Entries taken from a collection:
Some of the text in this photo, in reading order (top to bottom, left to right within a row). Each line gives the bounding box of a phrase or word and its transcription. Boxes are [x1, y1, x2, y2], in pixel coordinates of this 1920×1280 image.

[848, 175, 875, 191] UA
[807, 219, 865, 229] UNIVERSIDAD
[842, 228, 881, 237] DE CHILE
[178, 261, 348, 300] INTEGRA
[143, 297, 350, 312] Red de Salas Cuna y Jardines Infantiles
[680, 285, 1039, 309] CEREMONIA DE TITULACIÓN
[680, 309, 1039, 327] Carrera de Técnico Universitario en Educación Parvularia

__TASK REQUIREMENTS__
Restate the data above word for word. Leave nothing out.

__RESPONSE__
Some of the text in this photo, in reading order (top to bottom, left to right within a row). Each line gives the bounding box of a phrase or word and its transcription. Boxes are [x1, y1, x2, y2], in pixel coordinates of this 1920×1280 image.

[848, 175, 875, 191] UA
[807, 219, 865, 229] UNIVERSIDAD
[842, 228, 881, 237] DE CHILE
[178, 261, 348, 300] INTEGRA
[143, 297, 350, 312] Red de Salas Cuna y Jardines Infantiles
[680, 285, 1039, 309] CEREMONIA DE TITULACIÓN
[680, 309, 1039, 327] Carrera de Técnico Universitario en Educación Parvularia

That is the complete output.